Increments: Color me vulture (Sarcoramphus papa), plus a quick field trip to Belize

Another reason I’ve had vultures on the brain is because I owe a friend a vulture.  Specifically, a king vulture, Sarcoramphus papa, the largest of the Cathartids, the New World Vultures.  They are the largest vulture in our hemisphere if you don’t count the two condors, and they are striking birds (literally — I was given a hammery-beaky once-over by one in captivity long ago, but that’s a different post), with black-and-white plumage and a bare-skinned, froot-loops colored head roped with chicken-skin folds.  If that weren’t enough, both genders sport a caruncle on the top of their bills: a warty, fleshy, bright orangey-yellow knob whose purpose, frankly, I don’t know, if not to gild the lily.

So, here is Jack’s King vulture, in progress, Increment 1.  Having modeled the bird, it awaits slip, with a photo behind for plumage color reference.  I’ll give it a base coat of slip (“paint” made of clay, mineral colorants, and water) in appropriate colors while the stoneware is still damp.  Once it is completely dry, it will go into its first (or bisque) firing.  After that it’ll get glazes and other finishing colorants applied, and be fired again.

As usual with clay, the heaviness of the material requires support, so I’ve had to fudge some physical realities: I can’t make the legs as thin as they are in nature, and I’ve used the wings as the third point of support so the bird stands by itself.  Normally, a vulture’s wings, as ample as they are, don’t reach the ground in a standing bird. But other typical characteristics will carry the likeness through: the hunched posture, the partially opened wings, the body plumage color, and of course, pleated froot-loop head.

Increment 2: Slip treatment.  In this case, the slips were applied with a brush.  They will not acheive their finished colors until the final Cone 5 firing.  For now, the black looks brown and the white looks grayish.  The froot loop colors will be applied as glazes, after bisquing.  Now this guy will sit until he’s TOTALLY dry.  Also, his body is hollow, and this time I did remember to pierce an inconspicuous hole to the cavity.  Stay tuned for later posts for finishing touches.
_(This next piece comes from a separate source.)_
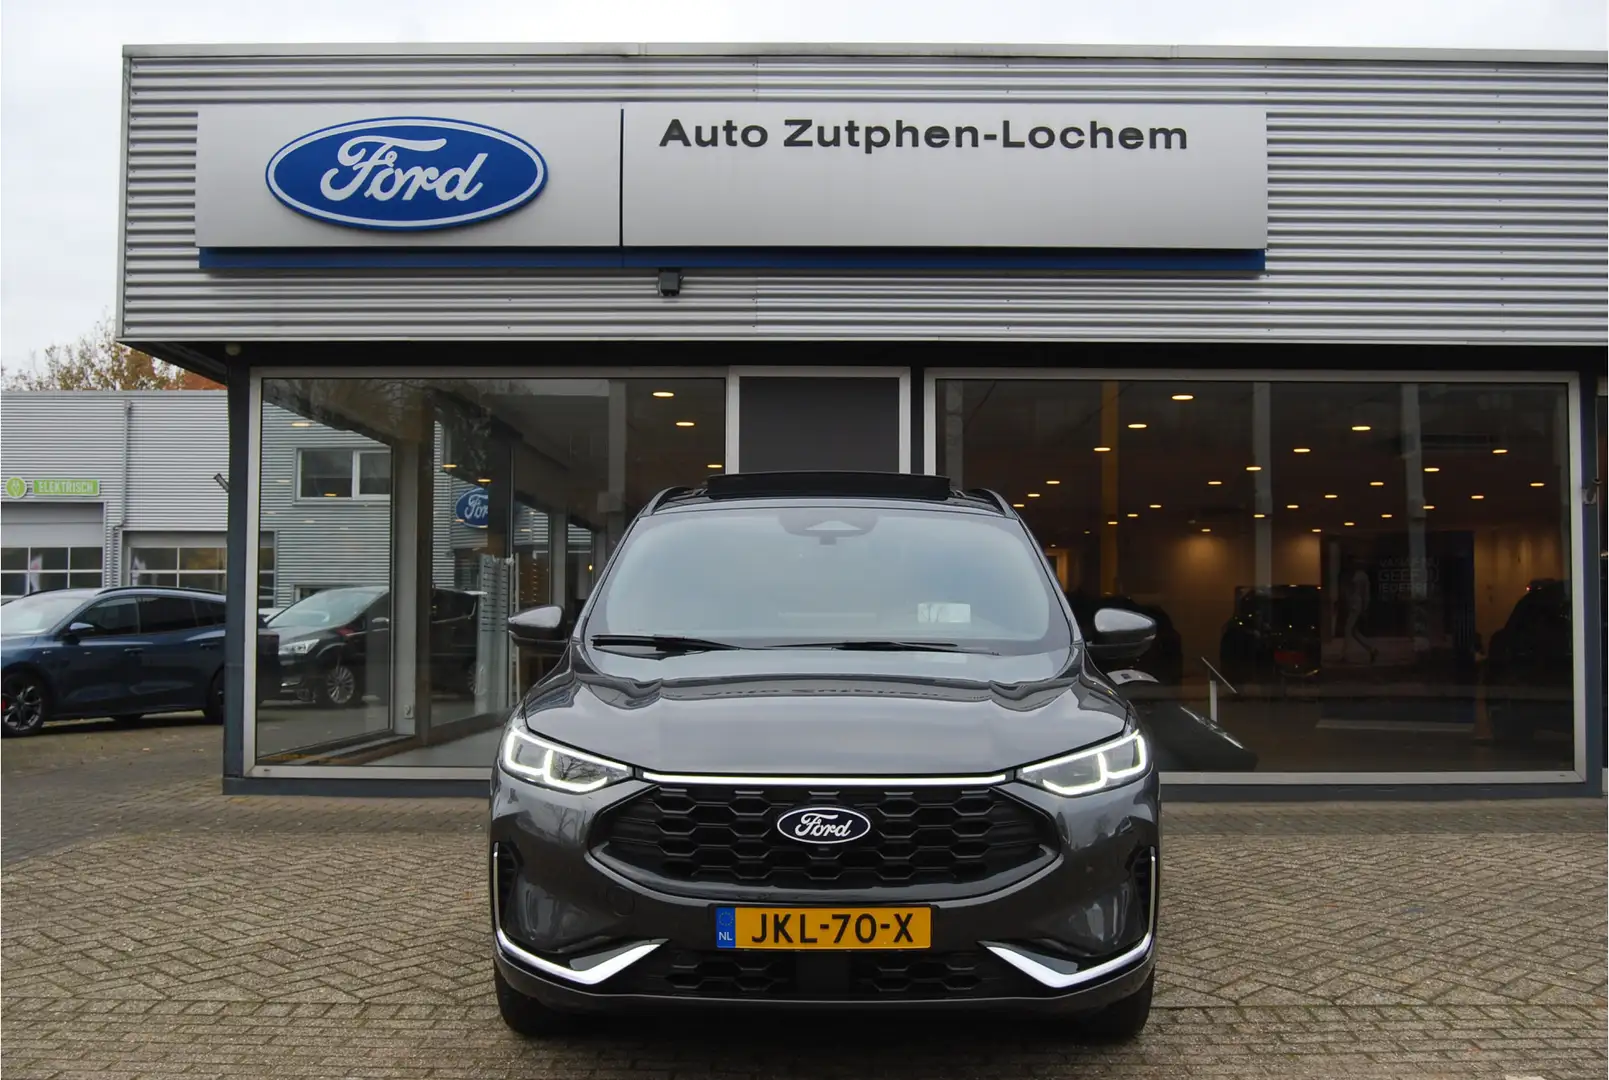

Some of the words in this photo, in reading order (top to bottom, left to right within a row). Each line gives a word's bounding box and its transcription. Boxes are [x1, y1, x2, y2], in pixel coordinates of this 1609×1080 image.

Most of us think of vultures as being all-dark birds, like Turkey vultures.  But there are predominantly white vultures, like the King.  In the Old World, the Egyptian vulture, also a vulture primarily of hot climates, is mostly white-plumaged.  You would think a large white bird would be disadvantaged by being easily seen.  Actually, King vultures, when roosting and nesting in their tropical forest habitat, are surprisingly difficult to see.  Their white feathers reflect the green light passing through the foliage around them, making them blend in quite well.  They are somewhat shy despite their regal reputation, and tend to assume a self-effacing posture when perched on a limb.  A King vulture in Belize “hid” from us this way.  We spotted it on the ground in a field.  Feeling our “eyeball pressure” it felt safer flying up into a tree, where it hid its head behind a tiny clump of foliage.  The rest of its enormous body remained in plain sight, but it felt better, and would peek out from the leaves occasionally to see if we were gone yet.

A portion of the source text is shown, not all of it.